If you’re the type to make resolutions and keep them, awesome. For me, it’s just another ticket down Shame Spiral Central. Even though I quit smoking years ago (tip: it’s not the quitting that’s hard, it’s the not smoking again ever) and I eat kale several times a week (for no other reason than it’s just so good!), I do not possess the kind of self–discipline to say, stop swearing on January 1 and then not cuss a blue streak 10 minutes later when the dog pees on the rug.

Resolutions bring way too much stress when we can’t live up to our own unrealistic expectations. Maybe I could handle it if we called them New Year’s Suggestions, or perhaps, Goals You Might Entertain But No Pressure. When it comes to self–improvement, what I’m aiming for in 2013 is to enjoy life and not take it so f@#$ seriously.

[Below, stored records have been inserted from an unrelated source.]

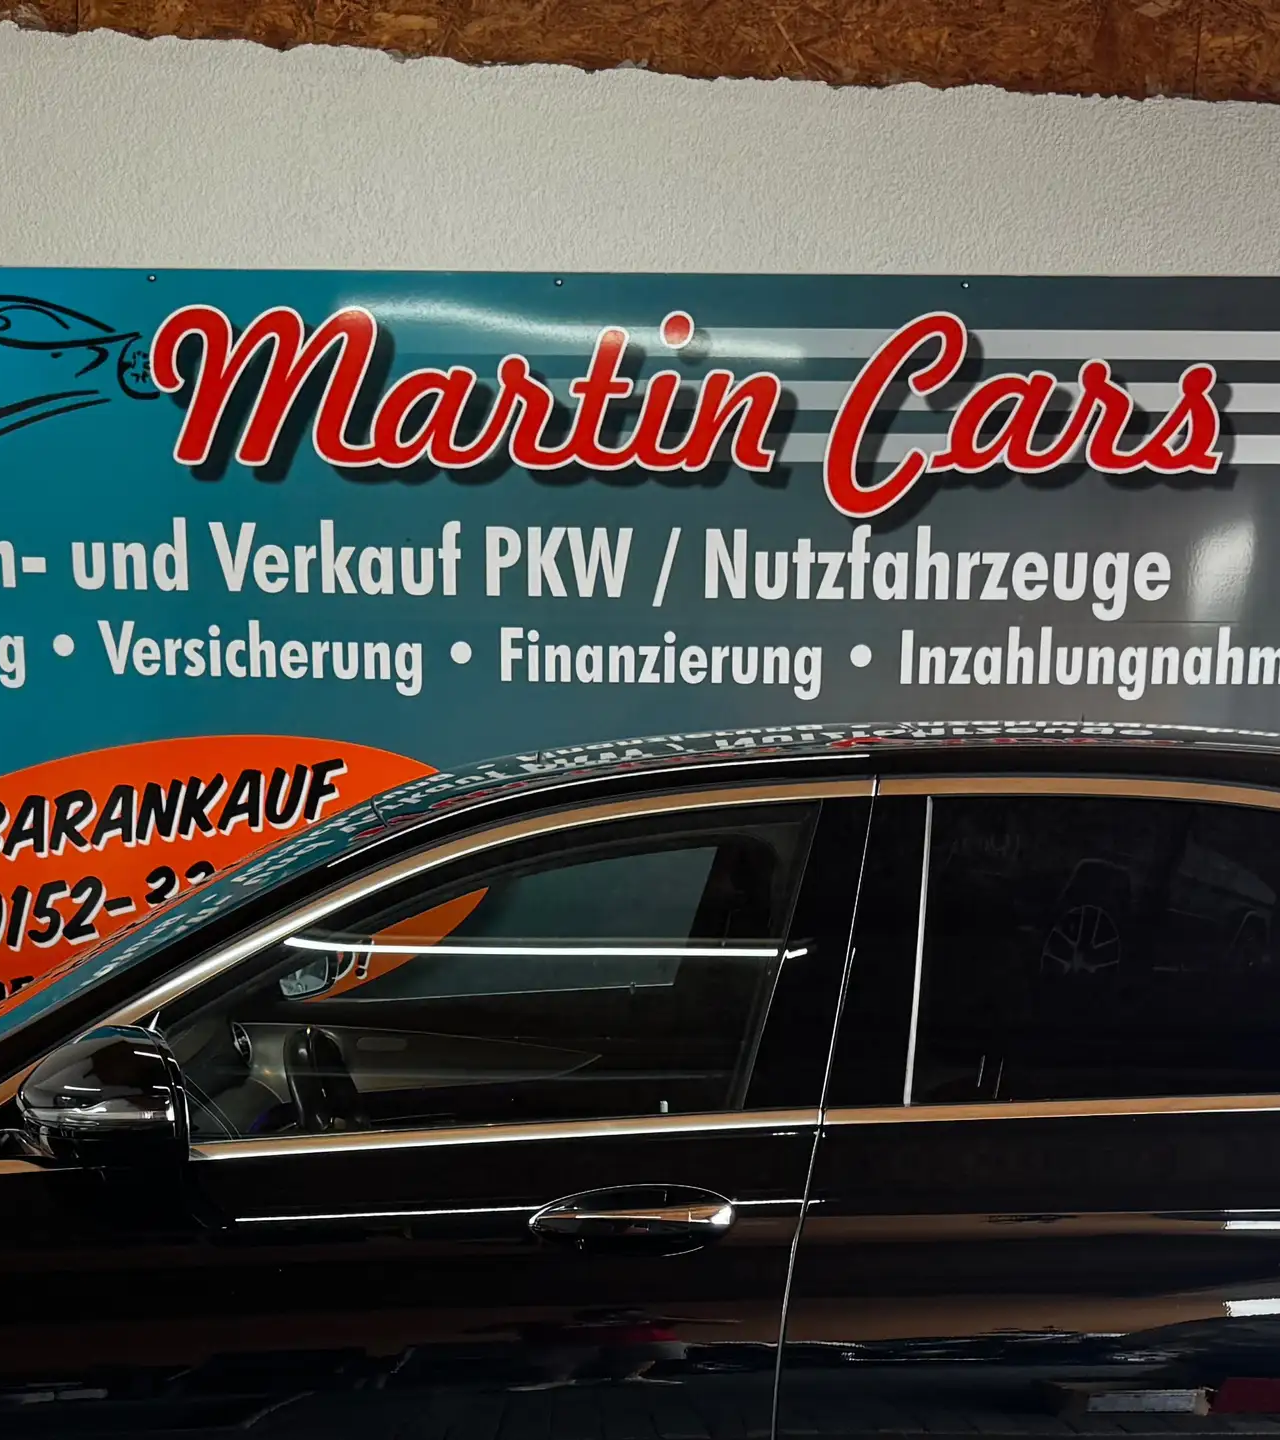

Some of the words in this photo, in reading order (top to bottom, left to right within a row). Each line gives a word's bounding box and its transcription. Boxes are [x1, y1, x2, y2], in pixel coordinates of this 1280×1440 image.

[150, 304, 778, 472] Martin
[823, 311, 1220, 518] Cars
[72, 517, 189, 592] und
[208, 519, 462, 597] Verkauf
[485, 526, 634, 598] PKW
[704, 525, 1172, 622] Nutzfahrzeuge
[97, 619, 423, 697] Versicherung
[500, 626, 823, 701] Finanzierung
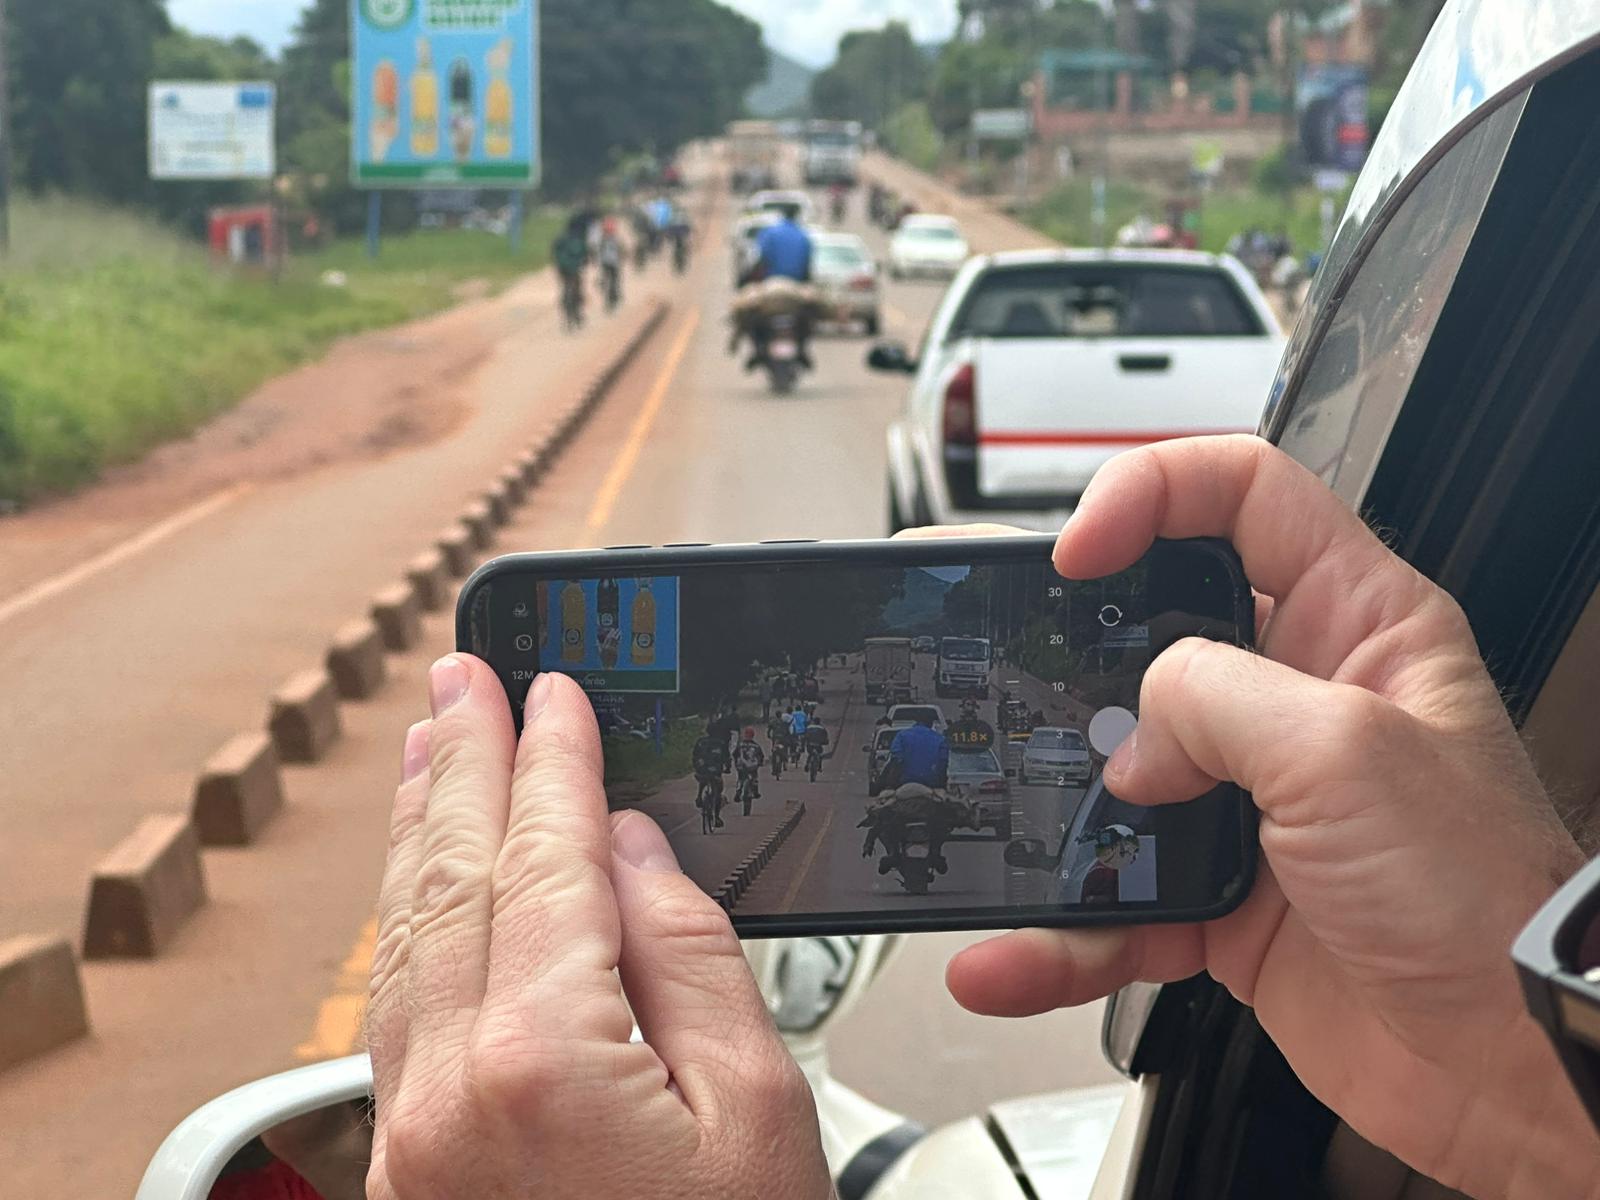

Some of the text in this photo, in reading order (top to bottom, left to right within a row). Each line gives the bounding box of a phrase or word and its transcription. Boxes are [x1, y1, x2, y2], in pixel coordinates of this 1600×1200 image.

[1048, 587, 1063, 597] 30
[1049, 634, 1064, 645] 20
[511, 670, 534, 681] 12M
[1052, 681, 1065, 692] 10
[1056, 729, 1063, 739] 3
[1057, 776, 1065, 786] 2

In the interest of enlightening up, I scheduled a session with Joanne Morton, a “positive energy artist” who has traveled around the country spreading her gospel of the “renewable, sustainable energy source found within all of us.”

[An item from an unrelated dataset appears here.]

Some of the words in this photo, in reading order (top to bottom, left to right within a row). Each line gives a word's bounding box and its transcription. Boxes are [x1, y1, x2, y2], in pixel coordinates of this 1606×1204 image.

When she’s not painting canvases in exuberant hues or riding her ribbon–festooned bike around town, this beatific lady offers guided meditations to help folks connect to their own inner peace. Now doesn’t this sound like a more pleasant New Year’s activity than pledging to clean out the hall closet or swearing off chocolate?

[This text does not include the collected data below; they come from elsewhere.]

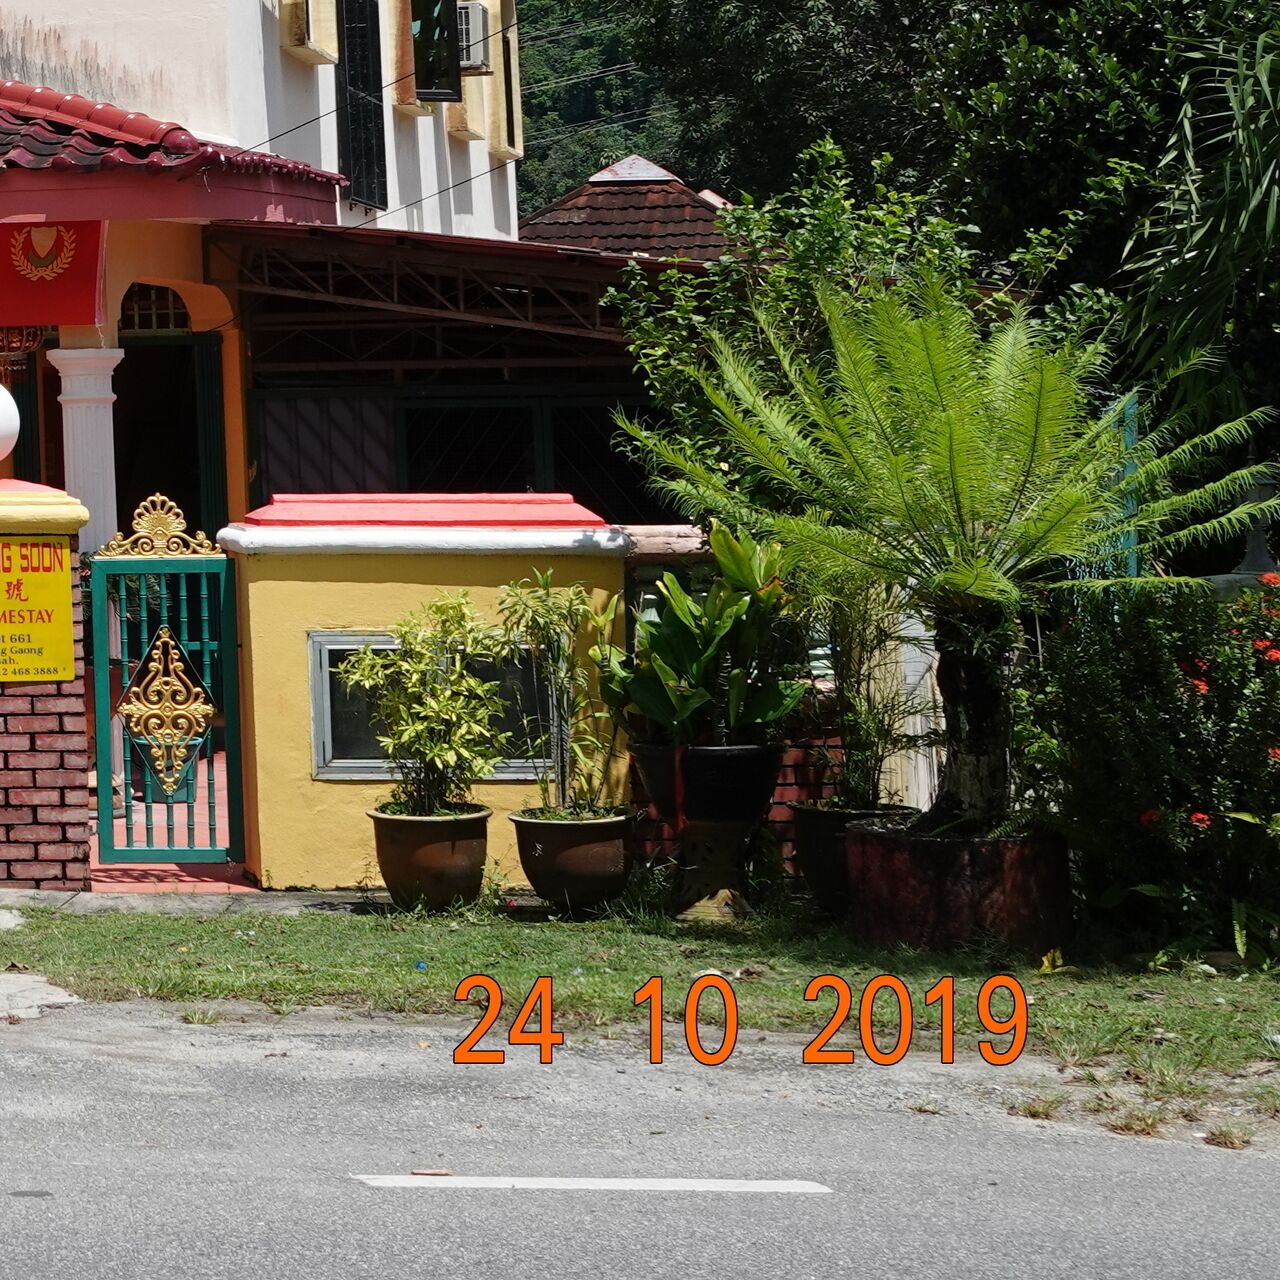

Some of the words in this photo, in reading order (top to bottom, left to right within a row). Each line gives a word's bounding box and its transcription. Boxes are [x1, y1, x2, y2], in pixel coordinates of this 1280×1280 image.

[19, 542, 64, 573] SOON
[10, 634, 32, 644] 661
[10, 646, 44, 656] Gaong
[11, 667, 30, 676] 468
[33, 667, 59, 676] 3888

The former New Yorker has settled in Savannah to practice out of the new Anahata Healing Arts in the former Yoga Co–Op on Drayton, where she and yoga instructor Lynn Geddes have collaborated on this “sacred space for anyone who is interested in living from their heart.” Geddes has a calendar of yoga classes and workshops scheduled in the serene main room, and Morton hosts weekly dance parties and “manifesting circles.”

These gatherings are based on the practice of the Universal Law of Attraction, the increasingly popular notion that our thoughts inform our experience. Also known as “The Secret,” (maybe you heard about it from Oprah?) it dictates that focusing on what we want rather than our lack of it, we make room for it to show up. Conversely, if we remain stuck in our worries and fears, that’s what we get. A simple concept, but not so easy to implement, especially when you’re caught in one of those pre–dawn insomniac loops that make the extra 10 pounds on your thighs or the bills on your desk seem insurmountable.

But Morton sees her job as bringing these New Age ideals down to earth.

“I work with people to strengthen their imaginations because that’s where we co–create our realities,” she explained as I sat down in her sunny upstairs studio at a table draped in a red velvet scarf. “Even if you don’t believe it, you can pretend. This is about play.”

Her good–natured, unattached attitude about what stodgy Savannahians think about her work confirms a certain authenticity. Morton laughs a lot about the paradox of bringing the New Age to the Old South, exemplified in the fact that she rocks a quartz crystal pendant and a strand of pearls at the same time.

Our session began with a few deep breaths, then she had me write down three intentions (not resolutions, she assured me) for the new year. Then she took out a stone pendulum to commence with the chakra clearing.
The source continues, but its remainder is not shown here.